After a Pacific Golden Plover in November 2021, the best I could muster in 2022 was a juvenile Grey Plover. Amazingly, despite the many thousands of golden plovers that gather in the Peterborough area each autumn, there had not been a local record of American Golden Plover since a juvenile that I found at Etton-Maxey Pits in October 2007. It seems beyond comprehension that there hasn't been one in Peterborough for 16 years and I would imagine in reality it's a near-annual visitor to the area rather than a once-in-a-decade vagrant.
I was hoping that I might be able to end the long wait for another AGP this autumn, but didn't expect it to happen at only my second attempt. After finding a flock of about 500 birds along Deeping High Bank on 28th, I returned on 29th and fairly quickly picked up a good candidate for an adult AGP on the 'wrong' side of the river, into the sun. Despite the awful light and a distance of 1km, plus the bird nestled in a roosting group of Euros, the extensively black-speckled underparts and rather swarthy-looking upperparts looked good, but I couldn't be sure without better views.
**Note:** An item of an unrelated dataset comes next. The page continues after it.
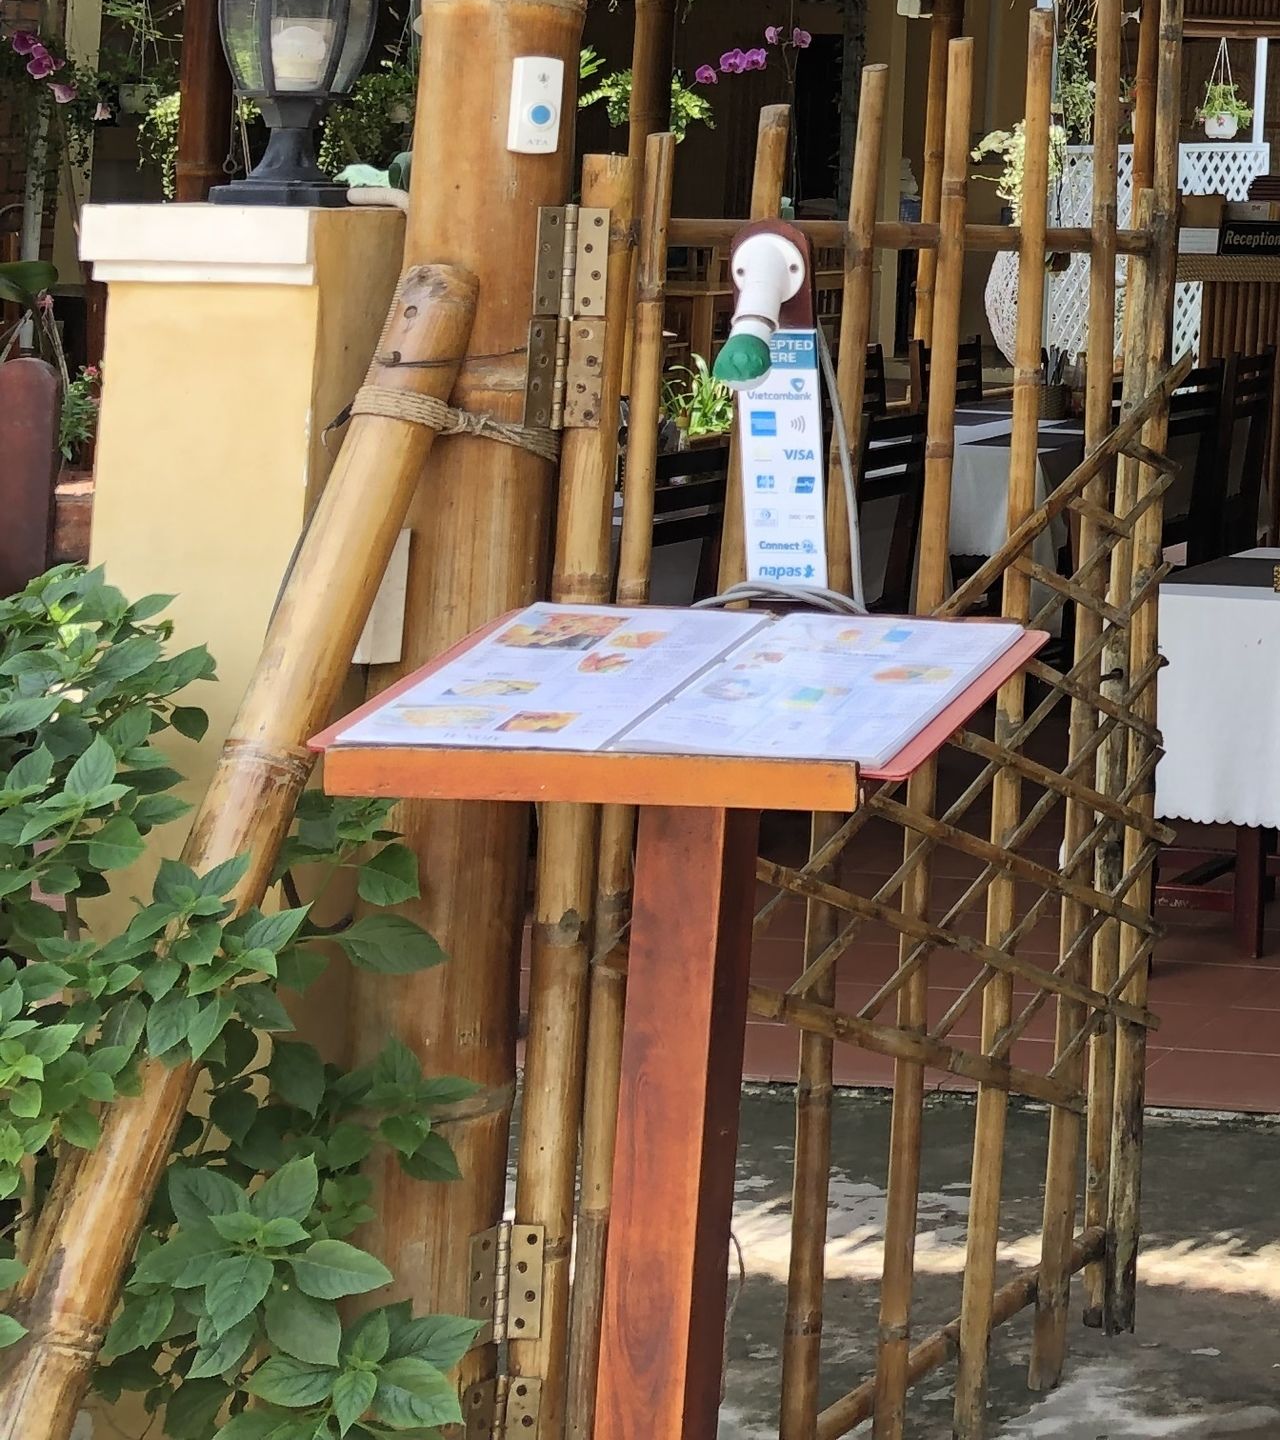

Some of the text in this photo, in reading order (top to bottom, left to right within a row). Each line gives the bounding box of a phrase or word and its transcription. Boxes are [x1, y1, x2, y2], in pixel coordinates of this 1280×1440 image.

Fortunately, the flock soon took flight and relocated to the west side of the river, landing in a field close to where I was parked. The light was perfect on the birds and the AGP was soon located. Identification was now straightforward, for it was feeding unobscured alongside Euros in beautiful morning sunshine and stuck out like a sore thumb as being cold and greyish, retaining a strong, white supercilium, as well as having a dark cap and dark, blackish-grey upperparts. After some excellent views, I was joined by Paul Bolton shortly before the birds took flight again. We enjoyed some excellent views of the AGP as it whirled around in the sky above us among the flock, giving us great opportunities to appreciate just how dark it could look compared to the gleaming white of the EGPs. John Rimes and his son, plus a few other birders, then arrived, but the AGP became tricky. Our last views of it were with the Northern Lapwing flock back on the opposite side of the river, again at considerable distance and in difficult light. Curiously, it had separated from the EGPs at this point. After flying off around 11:20, it wasn't seen again.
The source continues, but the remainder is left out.